> Forum > ๑۩۞۩๑ Kitap Dünyası - İlim Dünyası Kütüphanesi ๑۩۞۩๑ > Hadis Eserleri > Kütübü Sitte >  Birr iyilik bölümü
Sayfa: 1 ... 3 4 5 [6] 7   Aşağı git
  Yazdır  
Gönderen Konu: Birr iyilik bölümü  (Okunma Sayısı 5779 defa)
16 Nisan 2010, 15:09:54
Sümeyye

Çevrimdışı Çevrimdışı

Mesaj Sayısı: 29.261



Site
« Yanıtla #25 : 16 Nisan 2010, 15:09:54 »



Muhafaza:


Bundan maksad, yetim rüşdüne erip kendi işlerini kendisi görüp malını da istikamet üzere tasarruf edecek hâle gelinceye kadar her çeşit emvâlinin çocuğun menfaatlerini haleldar edecek şekilde kullanmaktan (israf, ziyan, yağmalama, âtıl durdurma gibi) velînin korumasıdır.
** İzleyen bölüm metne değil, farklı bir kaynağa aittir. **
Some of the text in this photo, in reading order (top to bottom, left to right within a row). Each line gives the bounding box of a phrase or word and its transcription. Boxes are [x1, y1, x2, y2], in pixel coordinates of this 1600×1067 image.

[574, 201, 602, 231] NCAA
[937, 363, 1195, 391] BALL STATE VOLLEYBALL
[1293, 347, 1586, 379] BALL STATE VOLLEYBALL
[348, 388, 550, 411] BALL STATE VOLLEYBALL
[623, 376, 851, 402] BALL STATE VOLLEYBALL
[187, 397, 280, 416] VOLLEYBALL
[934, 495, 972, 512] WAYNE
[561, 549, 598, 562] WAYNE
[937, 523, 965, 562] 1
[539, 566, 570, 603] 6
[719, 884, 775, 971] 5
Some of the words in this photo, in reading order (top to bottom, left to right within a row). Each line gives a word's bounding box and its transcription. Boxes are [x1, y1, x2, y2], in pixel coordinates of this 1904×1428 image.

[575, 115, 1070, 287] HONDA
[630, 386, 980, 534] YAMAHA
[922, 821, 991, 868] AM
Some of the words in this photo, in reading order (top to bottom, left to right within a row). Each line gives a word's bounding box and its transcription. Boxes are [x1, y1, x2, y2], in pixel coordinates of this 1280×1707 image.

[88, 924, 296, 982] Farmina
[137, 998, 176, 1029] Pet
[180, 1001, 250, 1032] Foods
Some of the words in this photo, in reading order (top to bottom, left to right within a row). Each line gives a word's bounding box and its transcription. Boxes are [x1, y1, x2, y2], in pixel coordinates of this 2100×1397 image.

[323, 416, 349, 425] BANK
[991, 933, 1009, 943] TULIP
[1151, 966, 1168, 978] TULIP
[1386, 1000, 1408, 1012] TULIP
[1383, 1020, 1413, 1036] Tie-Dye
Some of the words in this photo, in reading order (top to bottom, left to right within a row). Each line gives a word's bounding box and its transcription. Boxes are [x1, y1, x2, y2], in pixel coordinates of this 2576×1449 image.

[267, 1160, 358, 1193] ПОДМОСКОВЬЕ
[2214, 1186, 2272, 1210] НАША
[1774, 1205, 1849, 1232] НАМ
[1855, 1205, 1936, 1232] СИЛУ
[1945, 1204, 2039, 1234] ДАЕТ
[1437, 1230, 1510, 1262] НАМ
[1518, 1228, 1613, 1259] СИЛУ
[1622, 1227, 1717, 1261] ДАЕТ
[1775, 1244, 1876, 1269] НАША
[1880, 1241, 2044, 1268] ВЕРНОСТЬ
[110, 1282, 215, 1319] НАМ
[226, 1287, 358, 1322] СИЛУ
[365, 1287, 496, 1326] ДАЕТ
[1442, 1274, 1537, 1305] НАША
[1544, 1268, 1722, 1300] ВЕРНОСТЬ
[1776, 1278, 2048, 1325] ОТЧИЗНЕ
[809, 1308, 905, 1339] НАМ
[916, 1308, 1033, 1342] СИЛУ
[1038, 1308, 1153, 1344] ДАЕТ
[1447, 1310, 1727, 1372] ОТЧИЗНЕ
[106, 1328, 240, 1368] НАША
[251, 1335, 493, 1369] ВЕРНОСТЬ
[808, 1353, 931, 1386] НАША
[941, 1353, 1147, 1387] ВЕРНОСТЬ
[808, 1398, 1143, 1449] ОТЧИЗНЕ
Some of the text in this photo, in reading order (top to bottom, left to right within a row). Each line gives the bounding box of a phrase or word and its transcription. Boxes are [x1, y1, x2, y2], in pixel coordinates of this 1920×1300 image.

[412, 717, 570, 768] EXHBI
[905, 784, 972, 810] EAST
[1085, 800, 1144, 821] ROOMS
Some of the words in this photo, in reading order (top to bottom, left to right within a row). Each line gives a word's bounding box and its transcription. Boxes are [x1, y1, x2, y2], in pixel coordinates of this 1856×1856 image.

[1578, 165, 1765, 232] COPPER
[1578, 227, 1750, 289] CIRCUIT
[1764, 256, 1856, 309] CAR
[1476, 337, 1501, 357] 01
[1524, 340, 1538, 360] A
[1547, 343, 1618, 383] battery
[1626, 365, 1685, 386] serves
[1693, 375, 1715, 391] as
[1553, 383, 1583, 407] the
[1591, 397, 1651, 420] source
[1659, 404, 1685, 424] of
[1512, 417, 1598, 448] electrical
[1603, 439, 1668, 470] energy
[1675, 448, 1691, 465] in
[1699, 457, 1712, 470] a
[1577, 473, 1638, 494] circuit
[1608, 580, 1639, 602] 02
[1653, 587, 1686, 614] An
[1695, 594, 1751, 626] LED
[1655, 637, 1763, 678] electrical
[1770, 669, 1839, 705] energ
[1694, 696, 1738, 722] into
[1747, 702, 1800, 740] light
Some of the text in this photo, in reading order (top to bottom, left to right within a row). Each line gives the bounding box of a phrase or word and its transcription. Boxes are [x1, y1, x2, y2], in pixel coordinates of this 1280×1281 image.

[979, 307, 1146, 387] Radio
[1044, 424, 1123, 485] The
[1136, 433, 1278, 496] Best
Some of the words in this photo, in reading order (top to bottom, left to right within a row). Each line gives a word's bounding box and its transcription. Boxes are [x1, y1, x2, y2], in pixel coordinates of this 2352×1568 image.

Bu mühim mes´ele ile alâkalı olarak Kur´ân-ı Kerîm´de şu âyet de yer eder:

"Allah´tan korkun da yetimlere mallarını verin ve temizi murdara (helâli harama) değişmeyin. Onların mallarını kendi mallarınıza katıp yemeyin. Çünkü onda, büyük bir vebal bulunuyor." (Nisa: 4/2).

Hemen kaydedelim ki, âyette geçen "yetime malını vermek" hükmündeki "yetim" tâbiri kelimenin hakikî mânasında "yetim"i ifade etmez. Çünkü, yetime malı verilmez, üzerinde yetimlik kalktıktan sonra verilir. Büluğa erip de rüşdünü isbat etmiş bulunan kimsenin de "yetim" olarak isimlendirilmesi "yetimlik"ten yeni çıkmış olması sebebiyledir.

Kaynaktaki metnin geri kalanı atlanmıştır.